Stored data entries
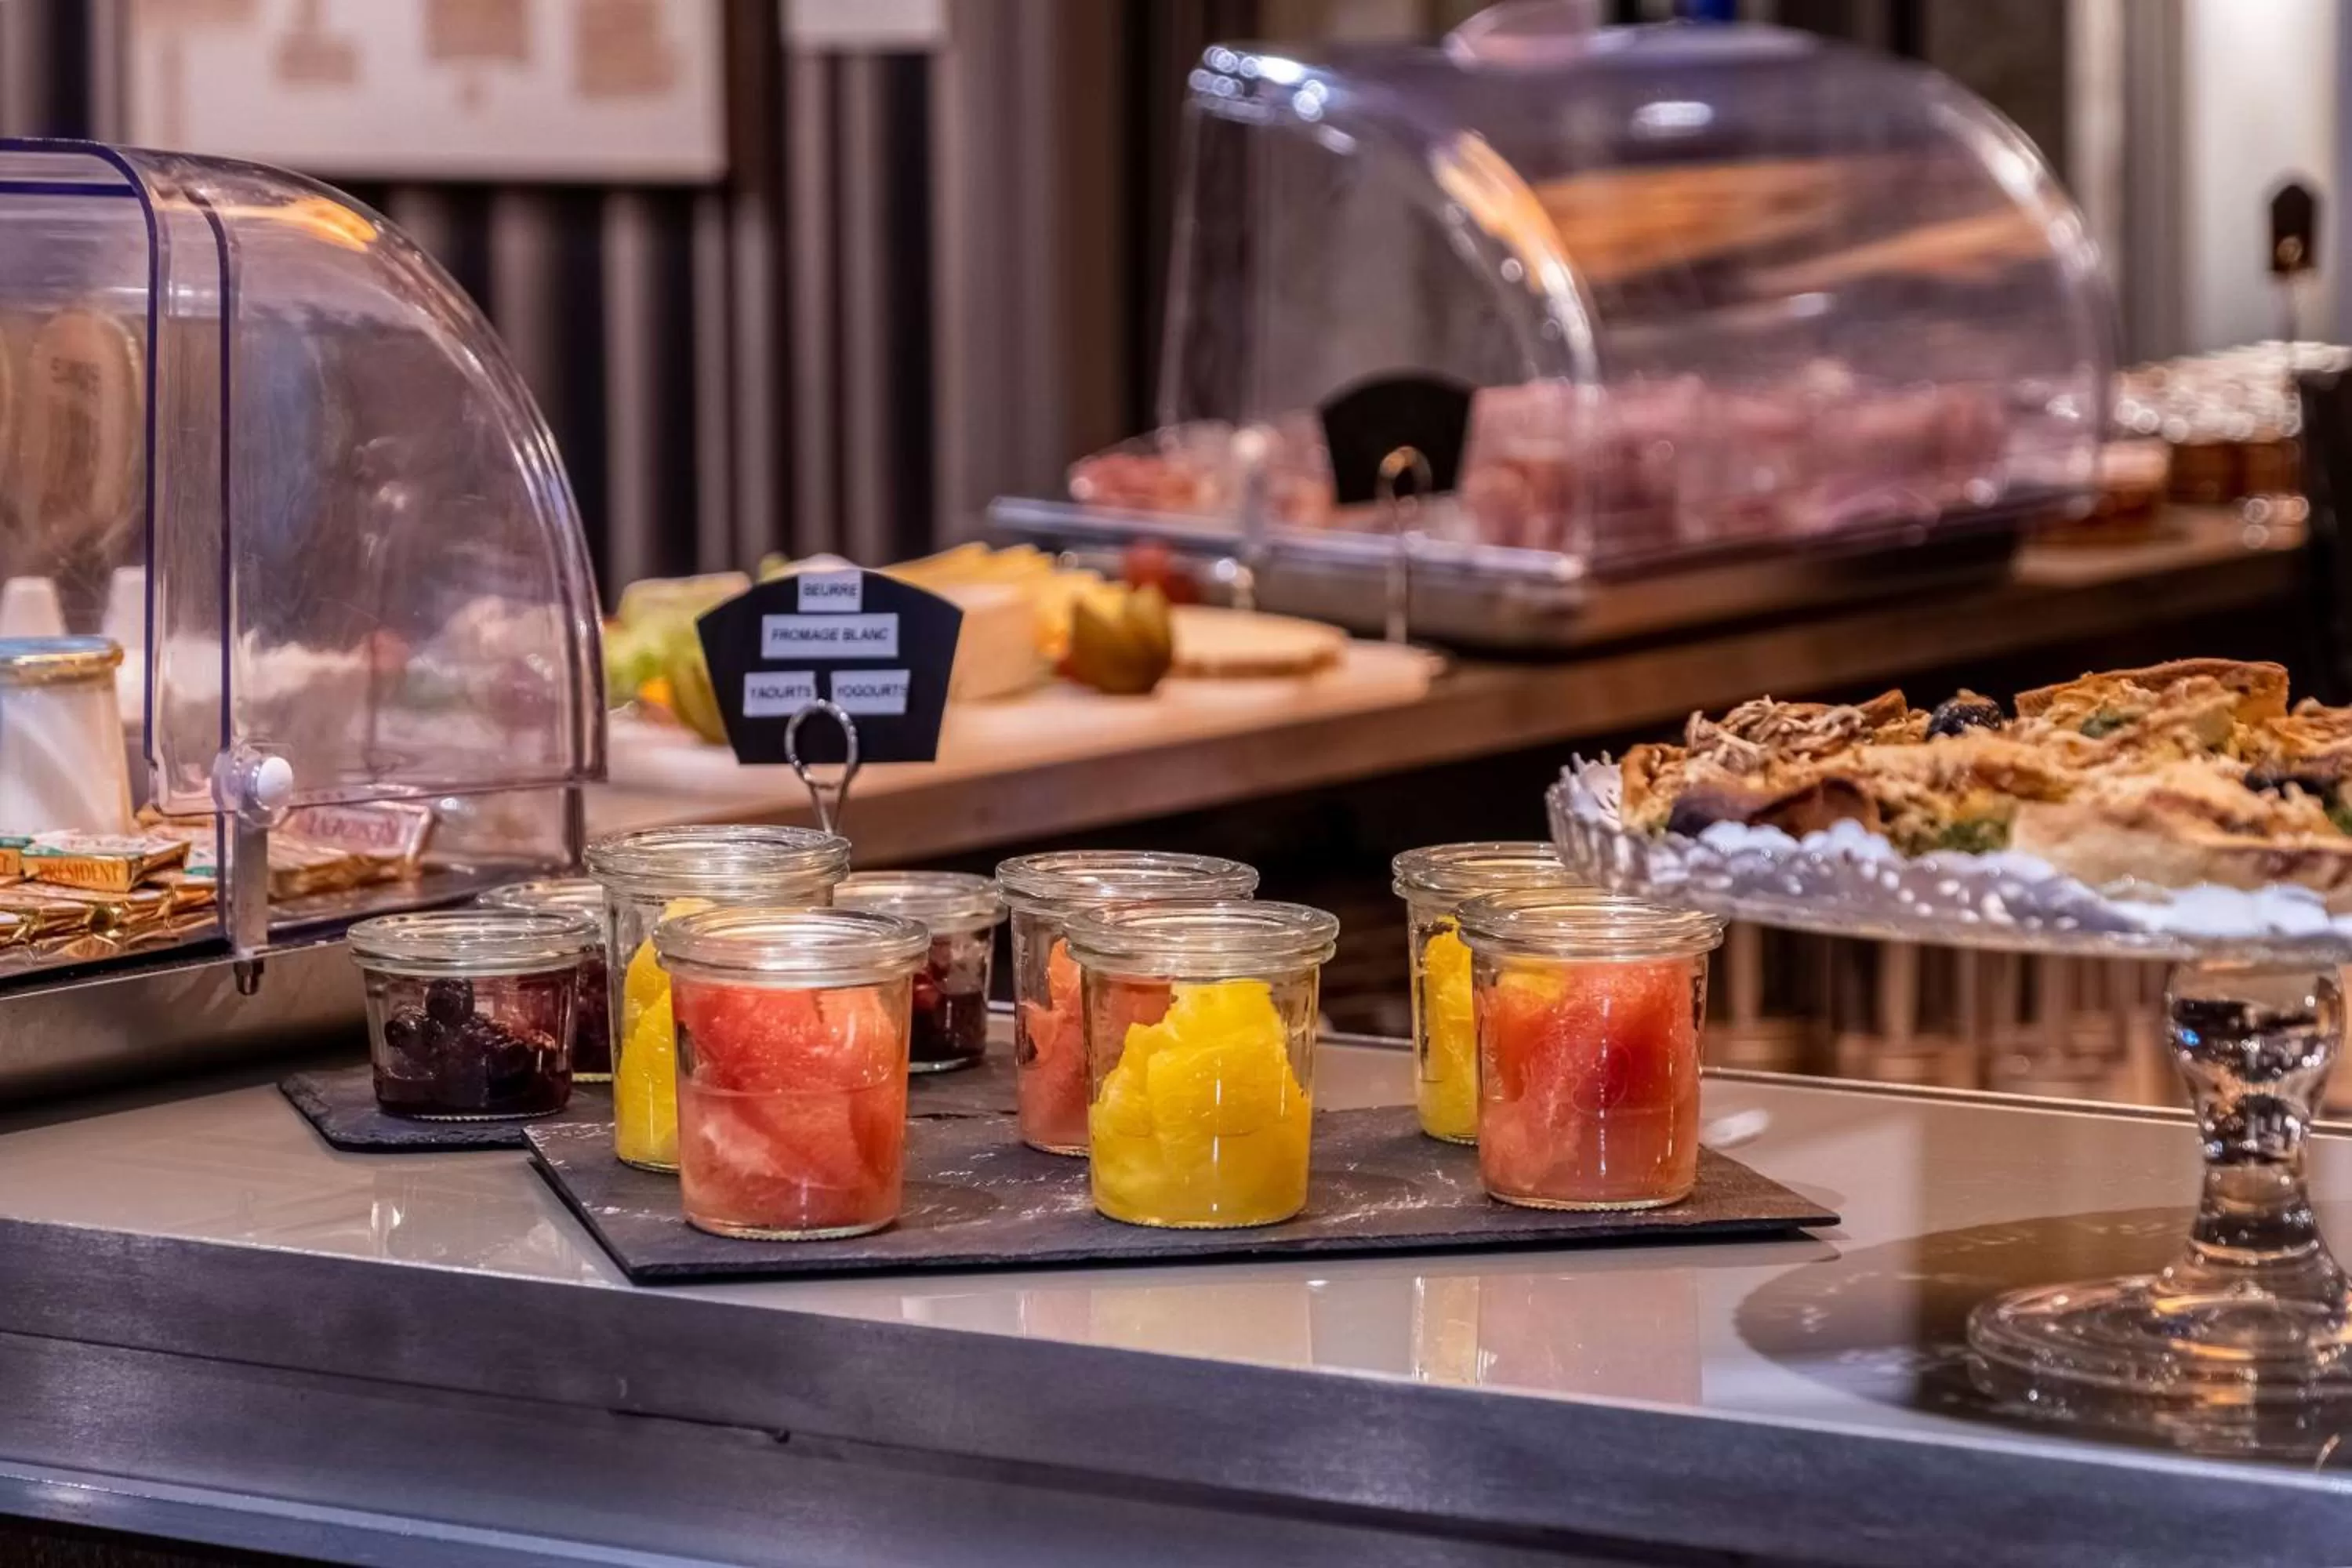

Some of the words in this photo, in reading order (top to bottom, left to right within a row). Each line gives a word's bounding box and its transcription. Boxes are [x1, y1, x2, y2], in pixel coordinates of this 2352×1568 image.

[804, 583, 858, 597] BEURRE
[771, 627, 838, 641] FROMAGE
[842, 626, 889, 640] BLANC
[751, 685, 812, 699] YAOURTS
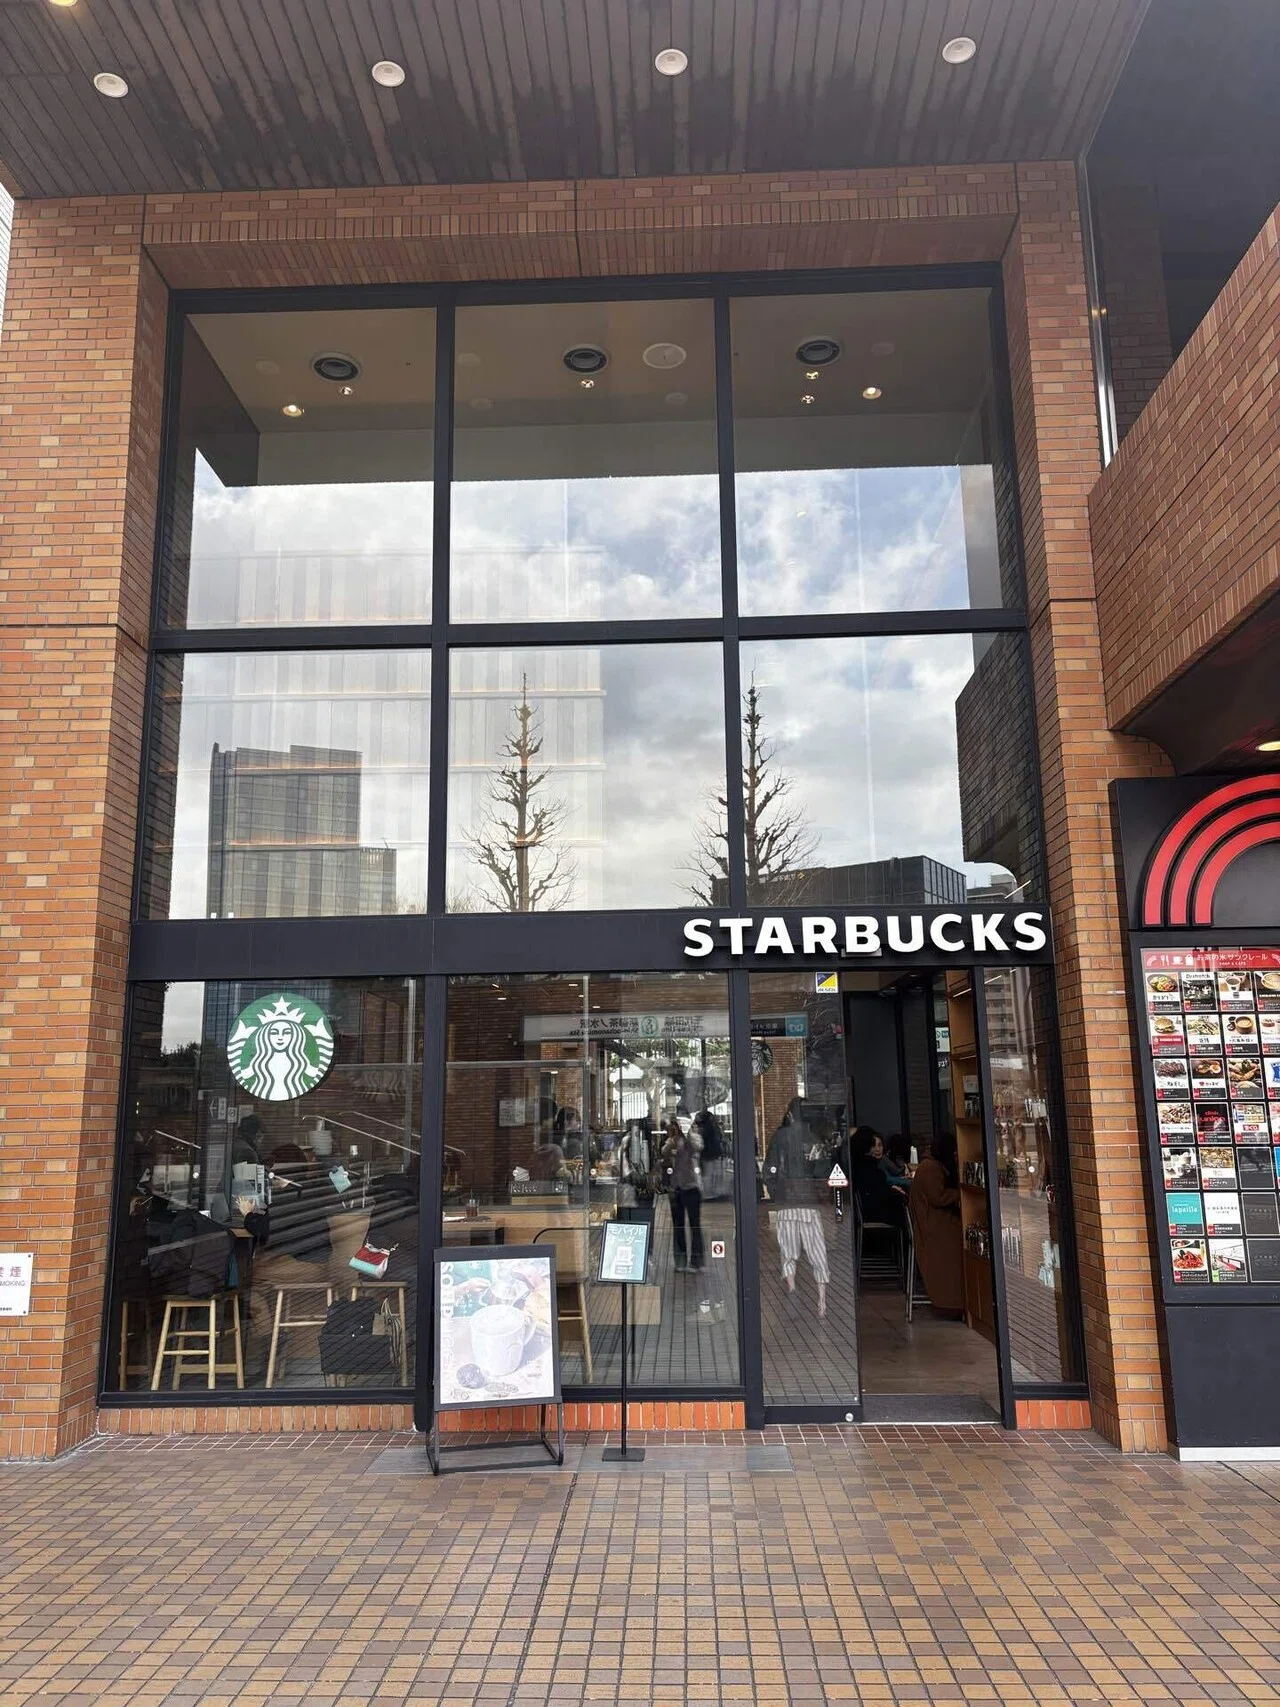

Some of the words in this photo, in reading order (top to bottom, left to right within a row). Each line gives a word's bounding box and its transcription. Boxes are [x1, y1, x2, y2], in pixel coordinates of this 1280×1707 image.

*Task requirements:*
Keep every word of the data as it is when you write it out, but drop the pictures.

*Result for this task:*
Some of the words in this photo, in reading order (top to bottom, left to right within a row). Each line gives a word's bounding box and its transcription. Boxes are [x1, y1, x2, y2], in pixel coordinates of this 2352×1568 image.

[804, 583, 858, 597] BEURRE
[771, 627, 838, 641] FROMAGE
[842, 626, 889, 640] BLANC
[751, 685, 812, 699] YAOURTS

Some of the words in this photo, in reading order (top to bottom, left to right within a row). Each line gives a word's bounding box and its transcription. Boxes are [x1, y1, x2, y2], in pixel coordinates of this 1280×1707 image.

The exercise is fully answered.